Na literatura, você pode encontrar vários números que caracterizam a participação do capital estrangeiro na economia russa antes da revolução. Alguns dizem que essa participação em alguns setores era, dizem eles, não tão alta, mas se esquecem das peculiaridades das estatísticas russas e da economia russa da época. Os bancos russos eram os principais acionistas em muitas indústrias, esse era o modelo clássico de capitalismo financeiro. E os bancos eram "russos" puramente formalmente, apenas do ponto de vista jurídico. Em termos de capital, eram bancos estrangeiros. Na Rússia, no início do século 20, havia apenas um banco puramente nacional (em termos de capital) no grupo dos grandes bancos - Volgo-Kamsky. A economia da Rússia pertencia principalmente ao capital estrangeiro, as alavancas de controle do império foram gradualmente transferidas para os reis ocidentais da bolsa de valores e os usurários.

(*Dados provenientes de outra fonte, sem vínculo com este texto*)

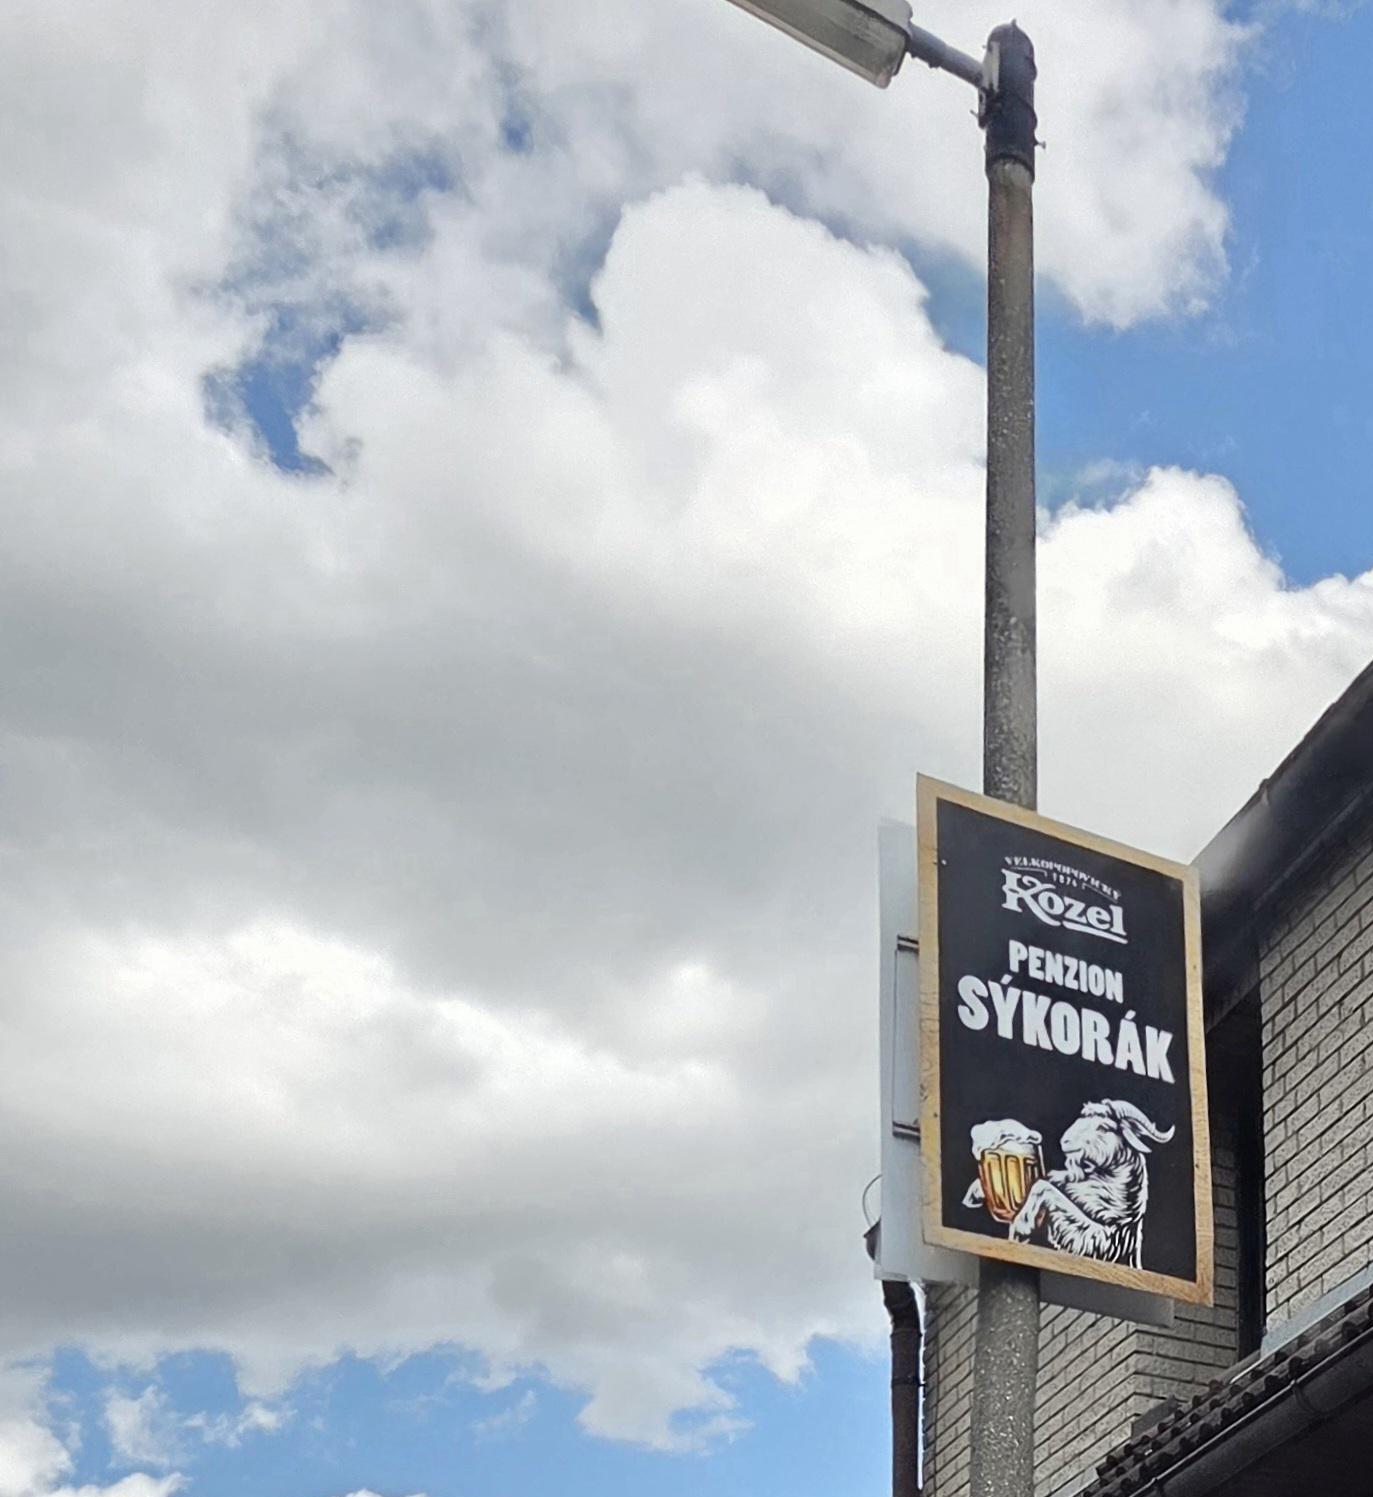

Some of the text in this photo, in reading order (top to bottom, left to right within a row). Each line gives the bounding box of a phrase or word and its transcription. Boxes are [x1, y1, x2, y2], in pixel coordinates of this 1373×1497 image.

Outro resultado da reforma de Witte foi um forte aumento da dívida externa do país. O tesouro teve que repor a reserva de ouro, que estava derretendo como resultado da deterioração do comércio e da balança de pagamentos do país. A última deterioração catastrófica foi causada pela Guerra Russo-Japonesa de 1904-1905. e a revolução subsequente de 1905-1907. Gostaria de observar que Witte conseguiu impor um “colar de ouro” muito duro à Rússia. Se na Europa alguns países cobriram sua emissão de papel-moeda com reservas de ouro em apenas 25-40%, então na Rússia a cobertura estava perto de 100%. A Rússia, é claro, tinha uma fonte de reabastecimento na forma de sua própria mineração de ouro em Transbaikalia e no Extremo Oriente (até 40 toneladas no início do século 20). Witte criou seu próprio sistema de controle da produção do Extremo Oriente, mas é interessante que, ao mesmo tempo, uma parte significativa dele na forma de contrabando foi para a China e depois para Hong Kong e Londres. Como resultado, os empréstimos de ouro dos Rothschild tornaram-se a principal forma de reabastecer as reservas de ouro da Rússia. Às vésperas da Primeira Guerra Mundial, o Império Russo ocupava o quinto ou sexto lugar no mundo em termos de muitos tipos de produtos industriais e agrícolas, mas em termos de montante da dívida externa, compartilhava a primeira ou segunda linha do mundo classificação de devedores com os Estados Unidos. Apenas os Estados Unidos tinham uma dívida externa predominantemente privada, enquanto a Rússia tinha uma dívida predominantemente estatal ou soberana. Em meados de 1914, essa dívida da Rússia atingiu 8,5 bilhões de rublos de ouro. O país estava sob o controle estrito dos usurários do mundo e corria o risco de finalmente perder sua soberania. E tudo isso graças ao esforço de Witte. Embora ele tenha deixado o cargo de ministro das finanças em 1903, o mecanismo para destruir a Rússia foi colocado em ação. É por isso que essa figura pode ser chamada com segurança de um prenúncio da revolução de 1917.
E não é por acaso que um dos primeiros decretos da Rússia Soviética foi a rejeição das dívidas do pré-guerra e da guerra (no início de 1918, seu montante já havia chegado a 18 bilhões de rublos de ouro).